**Task prompt**: Restate all of the entries exactly. Any picture in them should be skipped.

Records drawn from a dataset
^^^^^^^^^^^^^^^^

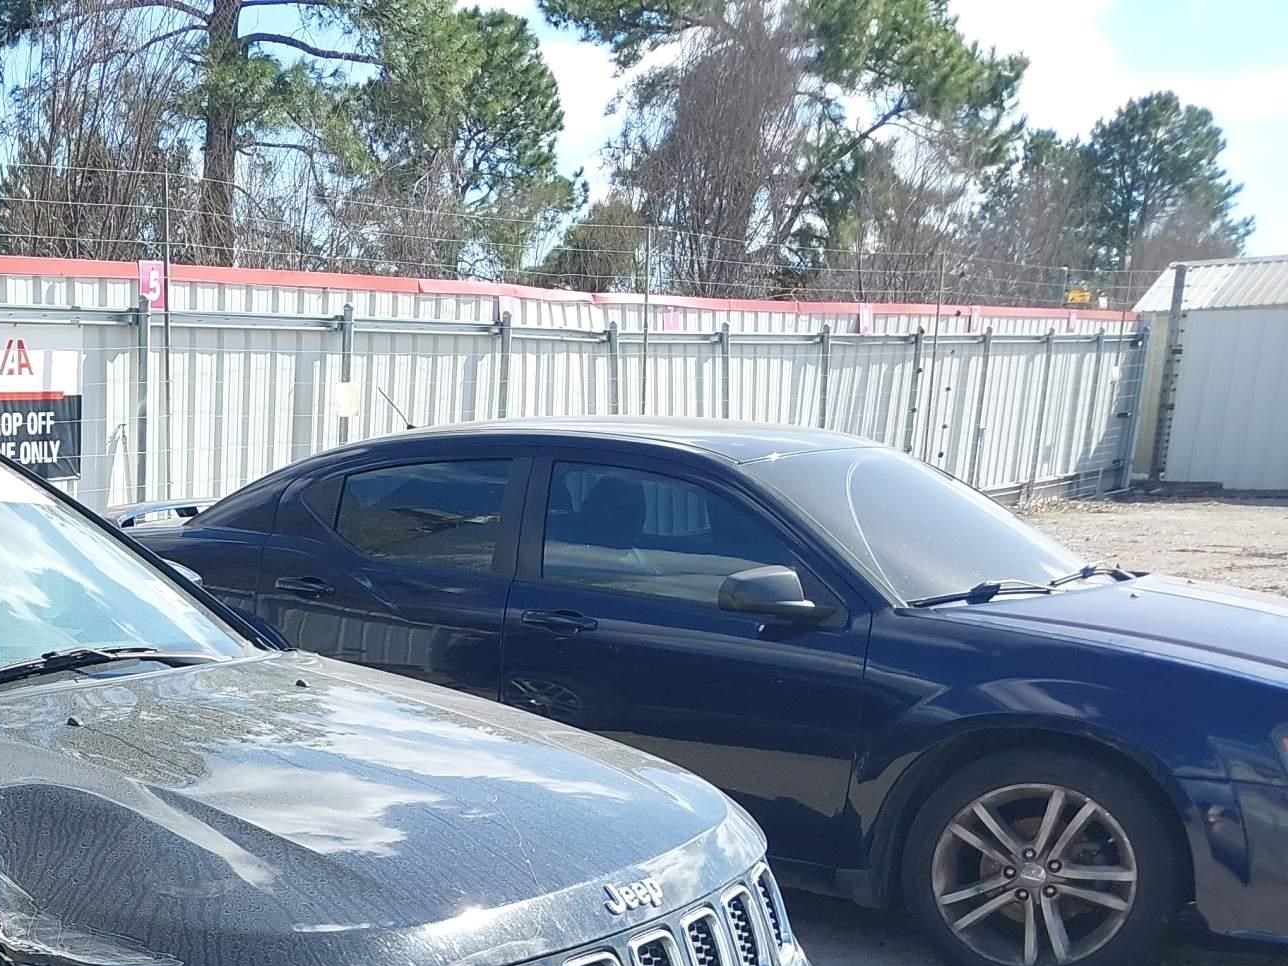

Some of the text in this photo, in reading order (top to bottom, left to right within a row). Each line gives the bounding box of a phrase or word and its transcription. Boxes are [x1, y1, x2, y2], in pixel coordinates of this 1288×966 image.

[147, 270, 161, 301] 5
[26, 411, 55, 435] OFF
[19, 440, 61, 465] ONLY
[602, 877, 664, 916] Jeep
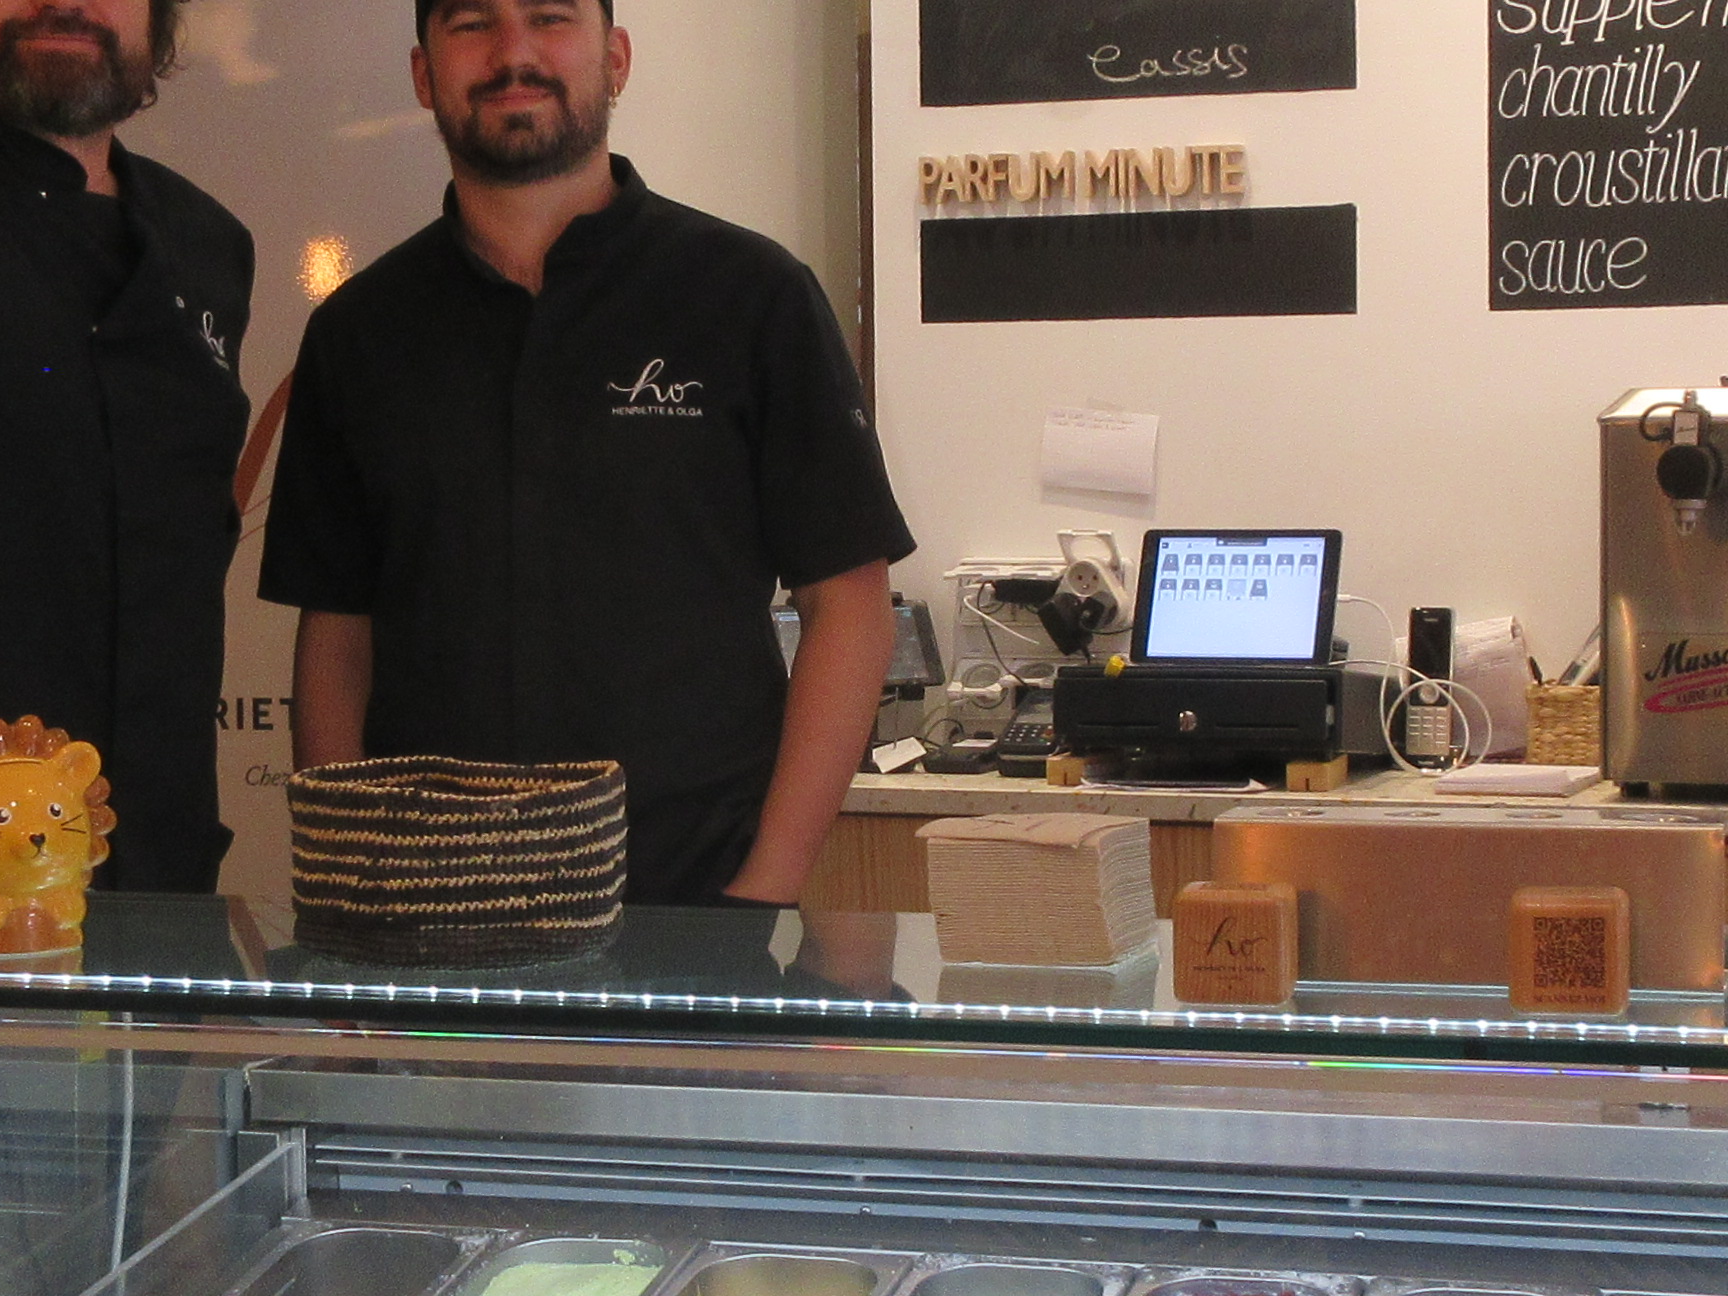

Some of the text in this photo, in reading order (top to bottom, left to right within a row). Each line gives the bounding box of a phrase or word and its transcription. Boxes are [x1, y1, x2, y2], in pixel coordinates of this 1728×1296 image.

^^^^^^^^^^^^^^^^

**Answer area**:
Some of the text in this photo, in reading order (top to bottom, left to right within a row). Each line gives the bounding box of a phrase or word and its transcription. Boxes are [x1, y1, x2, y2], in pixel coordinates of this 1288×966 image.

[147, 270, 161, 301] 5
[26, 411, 55, 435] OFF
[19, 440, 61, 465] ONLY
[602, 877, 664, 916] Jeep

Some of the text in this photo, in reading order (top to bottom, left to right within a row). Each line gives the bounding box of a phrase or word and its transcription. Boxes are [x1, y1, x2, y2], in pixel coordinates of this 1728×1296 image.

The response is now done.